Abstract

Although the mathematical principles underpinning population-level evolution are now well studied, the origin and evolution of morphological novelties has received far less attention. Here, a broad but general theory for how this sort of change takes place is outlined, relying on functional continuity, least-constrained components of morphology, redundancy and preadaptation. At least four distinct sorts of redundancy are identified: (i) redundancy arising through duplication (amplification); (ii) redundancy arising through regionalisation (parcellation); (iii) redundancy arising through functional convergence; and (iv) redundancy arising from shared function (functional degeneracy). Although organisms are here recognised to be functionally constrained ("burdened", in Riedl's terminology), these constraints can be overcome through the combination of the four principles given above. Contrary to its common treatment, functional constraint is neither an ever-increasing restriction on the scope of evolution, nor does it require drastic events to overcome or "break" it. Rather, it is an evolutionary quantity, subject to selection at some level. The rules that govern morphological evolution are the primary controls on what is allowed to happen in the evolution of the overall genotype-phenotype system, suggesting strong controls on the sorts of developmental changes that might be associated with macroevolution.
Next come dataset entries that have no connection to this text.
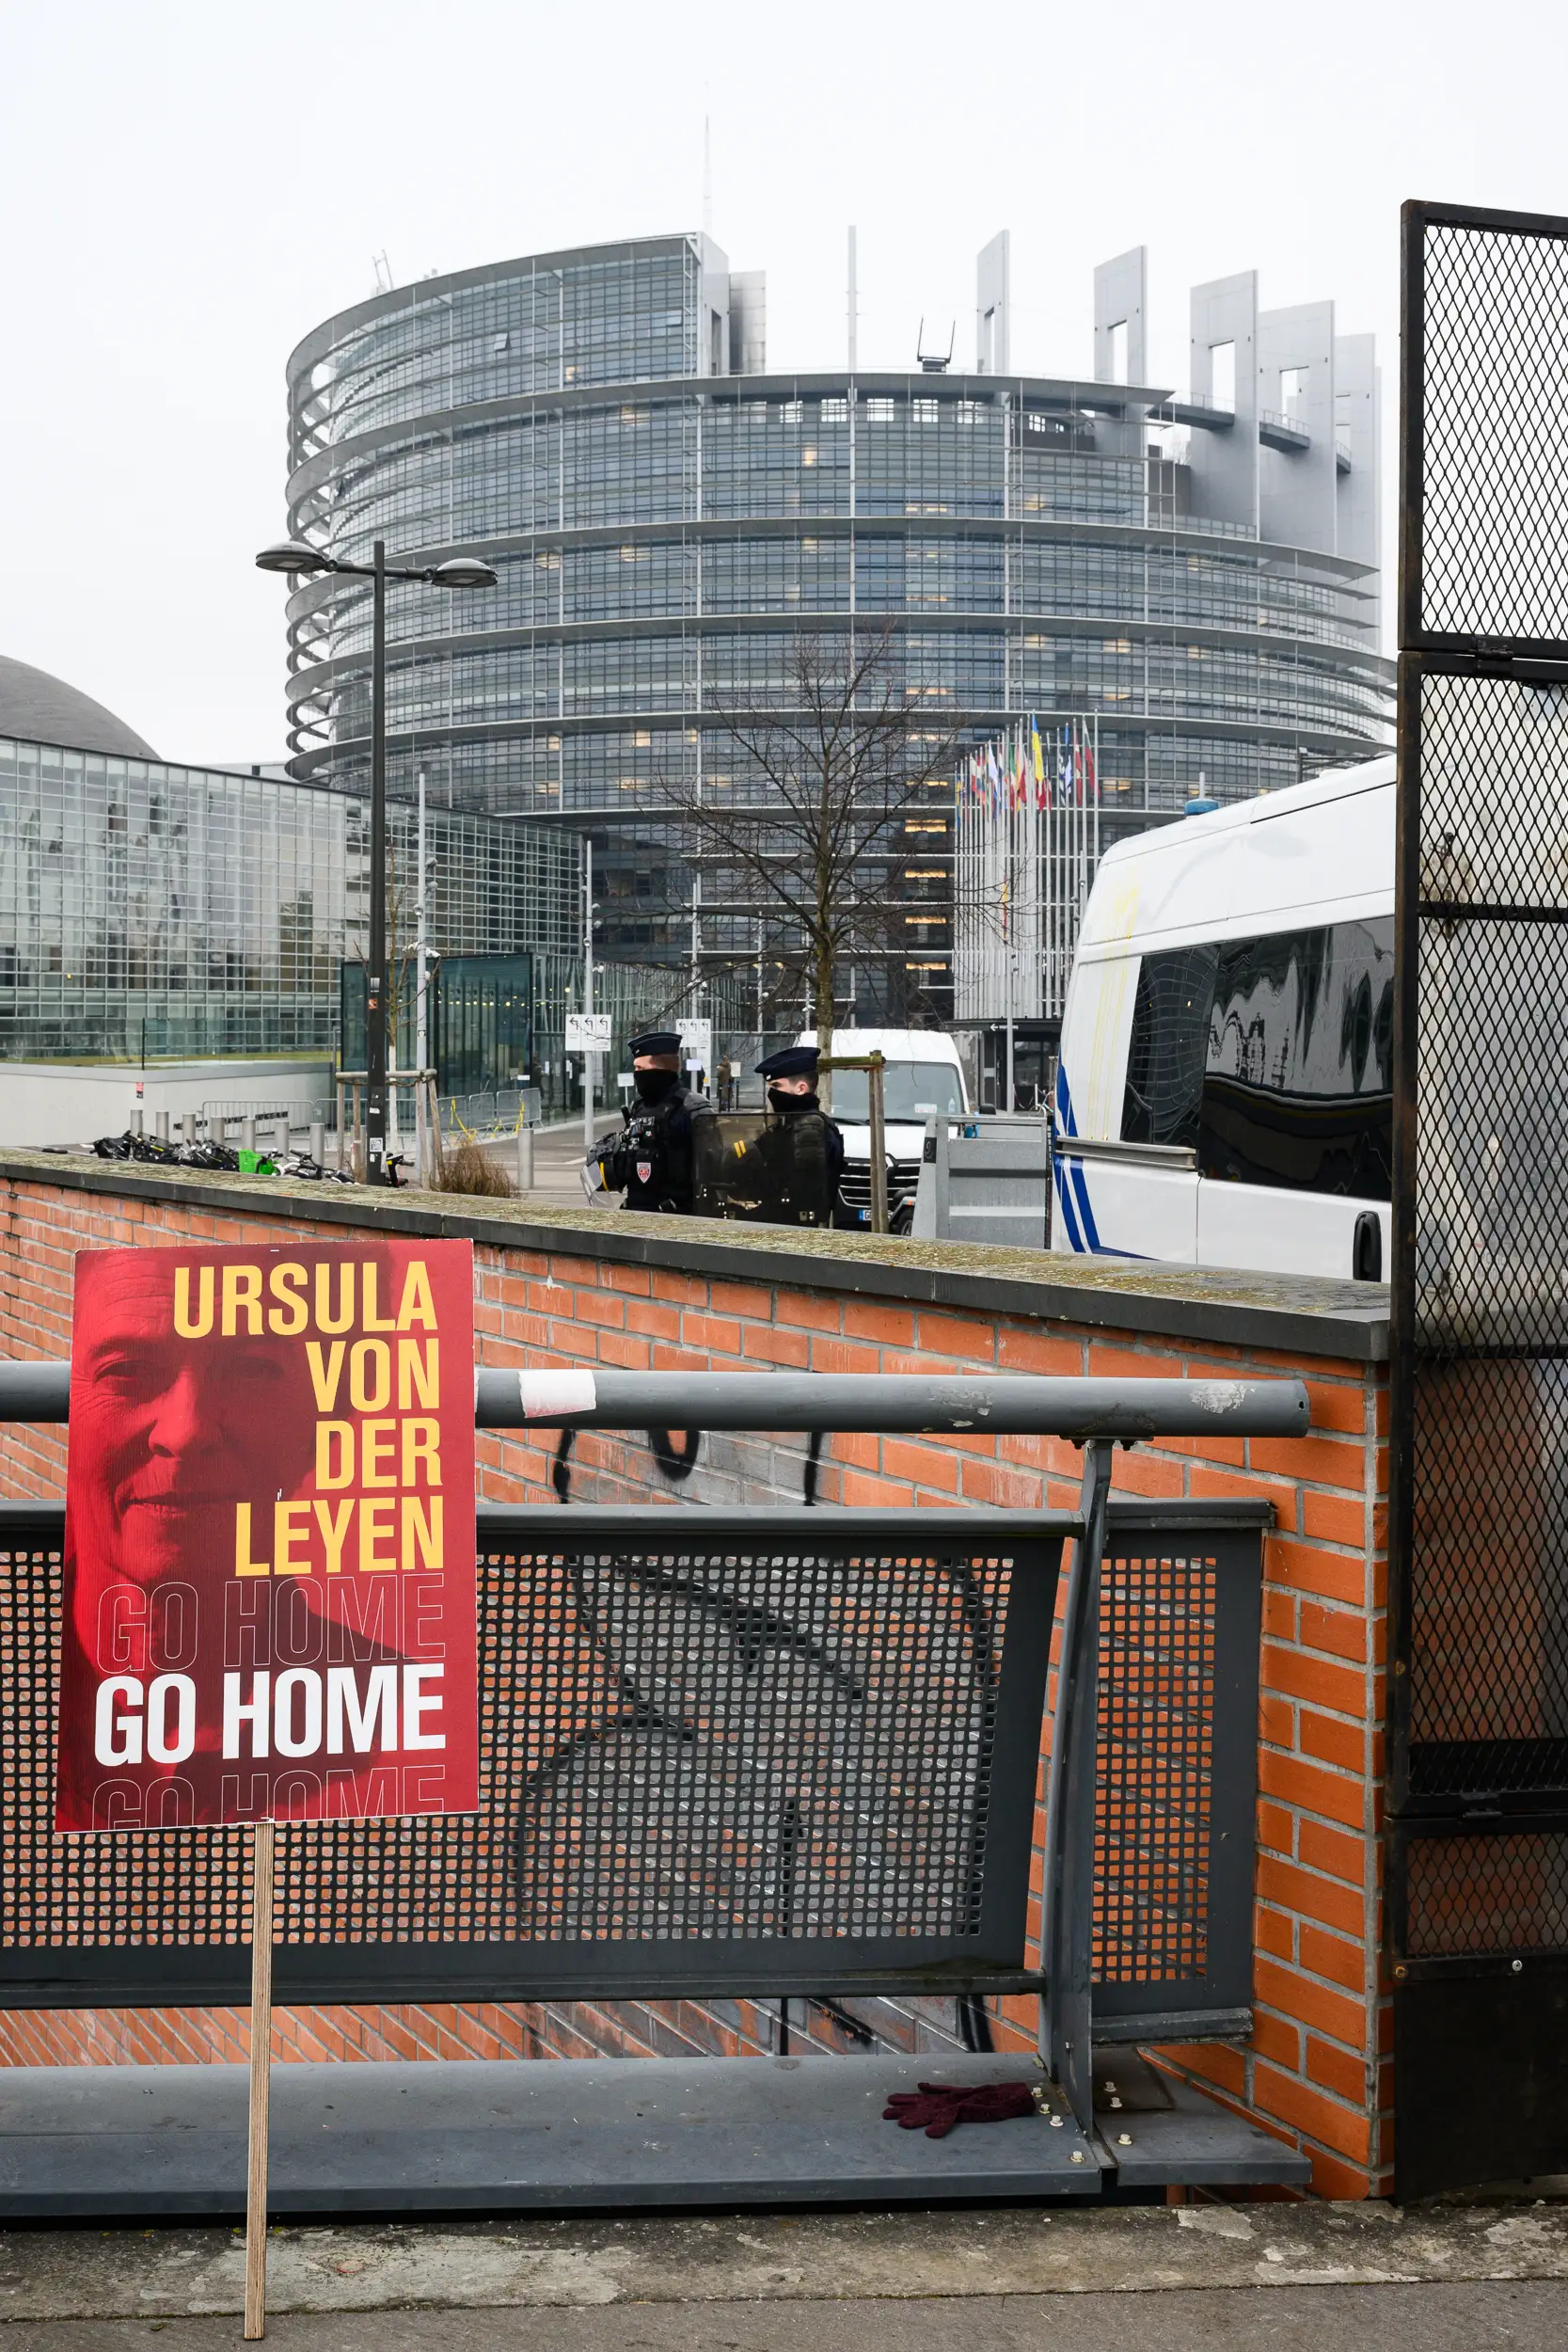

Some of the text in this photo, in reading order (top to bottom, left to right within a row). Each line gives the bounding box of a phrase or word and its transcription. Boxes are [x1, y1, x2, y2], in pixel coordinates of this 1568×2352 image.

[173, 1262, 438, 1338] URSULA
[306, 1338, 440, 1413] VON
[315, 1417, 442, 1490] DER
[234, 1496, 444, 1577] LEYEN
[96, 1573, 447, 1675] GO HOME
[94, 1663, 447, 1767] GO HOME
This model, then, sees organism functionality as the primary control on evolvability, with exact genetic make-up being of secondary importance. It should prove possible to recast traditional notions of body-plan evolution into the formulations of complex system analysis, which in the future may prove a unifying discipline for fields as disparate as palaeontology and gene regulatory networks. In particular, understanding how morphology can evolve may provide the critical link between the ecological and morphological networks that are currently the intense focus of evolutionary investigations.